Mr. COBURN. Madam President, I thank the majority leader and the minority leader both for their comments on this report. It is important for the American people to know that this is the first of three reports we are going to receive. This report just covers what the GAO has looked at in the last 4 to 5 years. It truly only covers about one-third of the Federal Government, and I am talking discretionary programs, not mandatory programs such as Social Security and Medicare and Medicaid.
The GAO report shows at least $100 billion in savings if we could do our job. We are going to have a large debate over the next 2 weeks focused on funding the government for the next 6 months of this fiscal year and what the funding is going to be like in the next year. If I were sitting at home as a regular American looking at Congress, having read this report, the question I would ask is, Why will there be any debate at all? The GAO has given us a roadmap. They have said: Here is where $100 billion--those are my numbers, not theirs--of savings can come on an annualized basis on the first third of the discretionary side of the Federal Government. The discretionary programs of this government are 24 percent greater now than they were 2 years ago.

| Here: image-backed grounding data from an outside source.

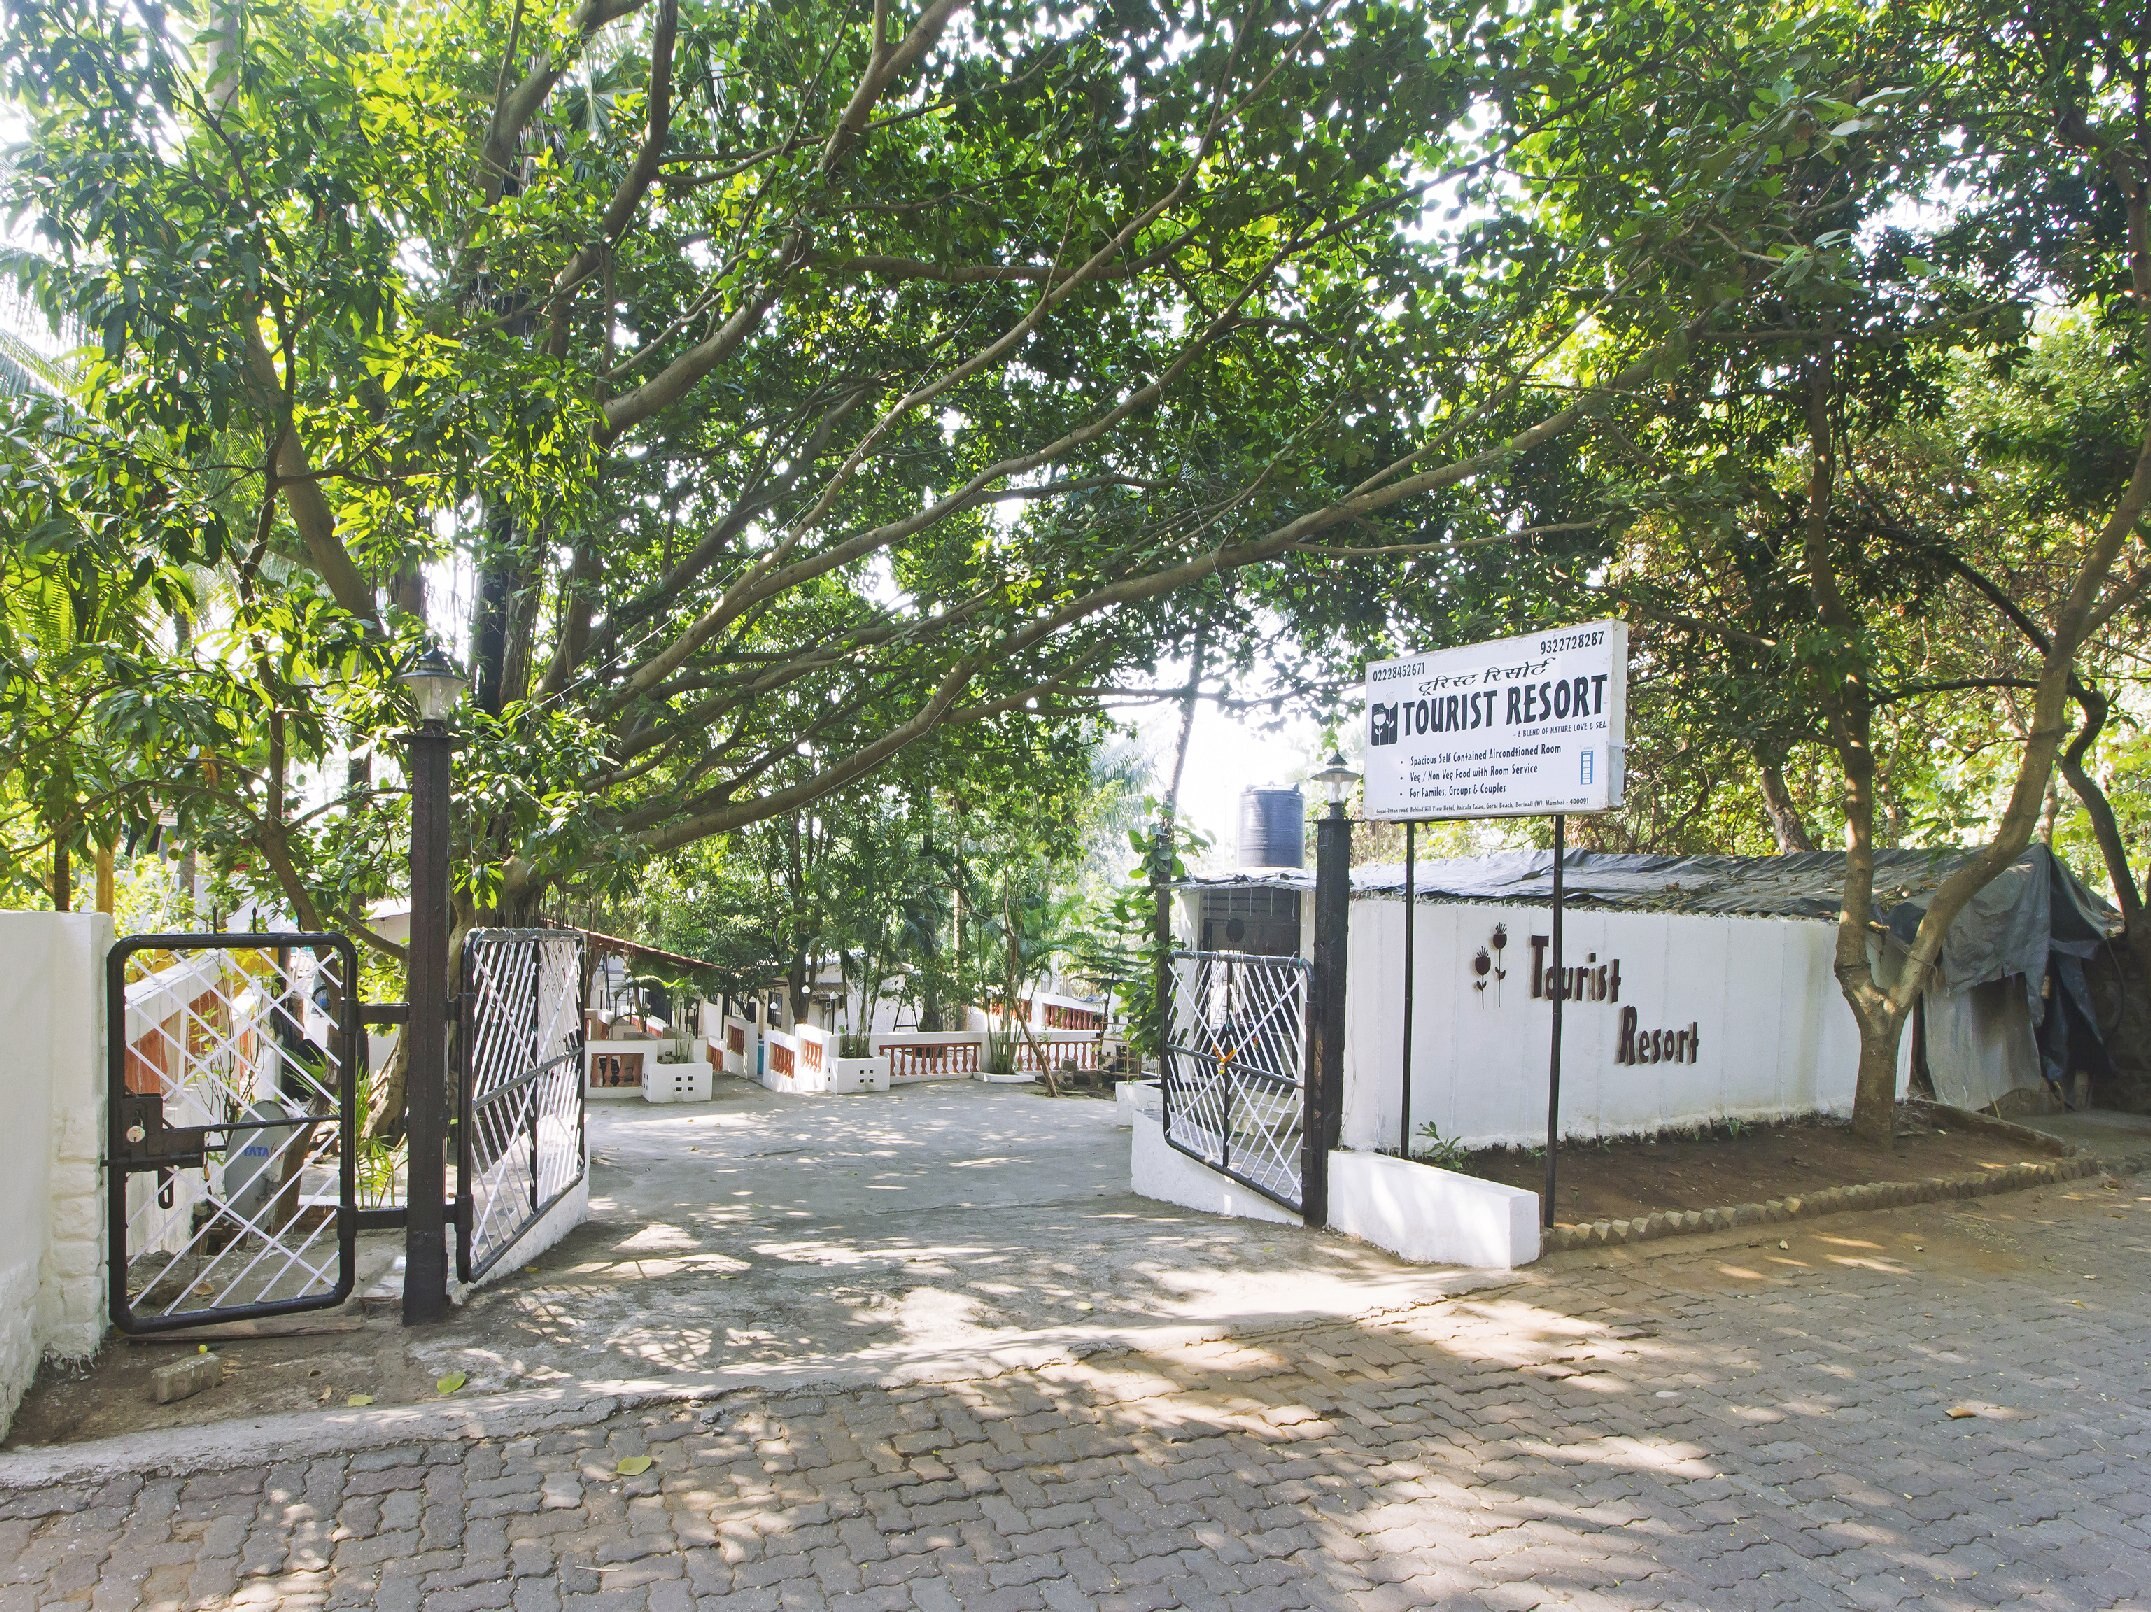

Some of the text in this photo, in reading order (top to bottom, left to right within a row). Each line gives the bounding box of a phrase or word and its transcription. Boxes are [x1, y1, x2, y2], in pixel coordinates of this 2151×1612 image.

[1540, 631, 1605, 656] 9322728287
[1372, 662, 1425, 682] 02228452671
[1418, 657, 1556, 696] टूरिस्ट रिसोर्ट
[1402, 674, 1608, 736] TOURIST RESORT
[1542, 726, 1548, 735] OF
[1550, 724, 1571, 734] NATURE
[1573, 723, 1587, 732] LOVE
[1596, 720, 1607, 729] SEA
[1410, 755, 1437, 767] Spacious
[1453, 750, 1487, 762] Contained
[1541, 743, 1561, 755] Room
[1410, 771, 1421, 783] Veg
[1428, 770, 1440, 781] Non
[1443, 769, 1453, 781] Veg
[1455, 768, 1471, 779] Food
[1473, 766, 1487, 777] with
[1490, 765, 1509, 776] Room
[1512, 763, 1538, 775] Service
[1409, 788, 1420, 798] For
[1449, 785, 1471, 797] Groups
[1473, 784, 1478, 795] &
[1480, 782, 1507, 795] Couples
[1618, 1005, 1699, 1065] Resort

The challenge we face before us as a nation is a far greater challenge than anything we have ever faced. That sounds like a gigantic overstatement, but when the Chairman of the Joint Chiefs of Staff, who is head of all of our military, reporting to our civilian officials, says the greatest threat to this country is our debt, we ought to wake up and pay attention to it. The average American--75 percent of Americans--across this land wants the size of the Federal Government and its spending reduced, and that includes Democrats, Republicans, and Independents. What is lacking today is the leadership to define the problem for the American people so that we can come together as a nation and solve this greatest of all challenges before us.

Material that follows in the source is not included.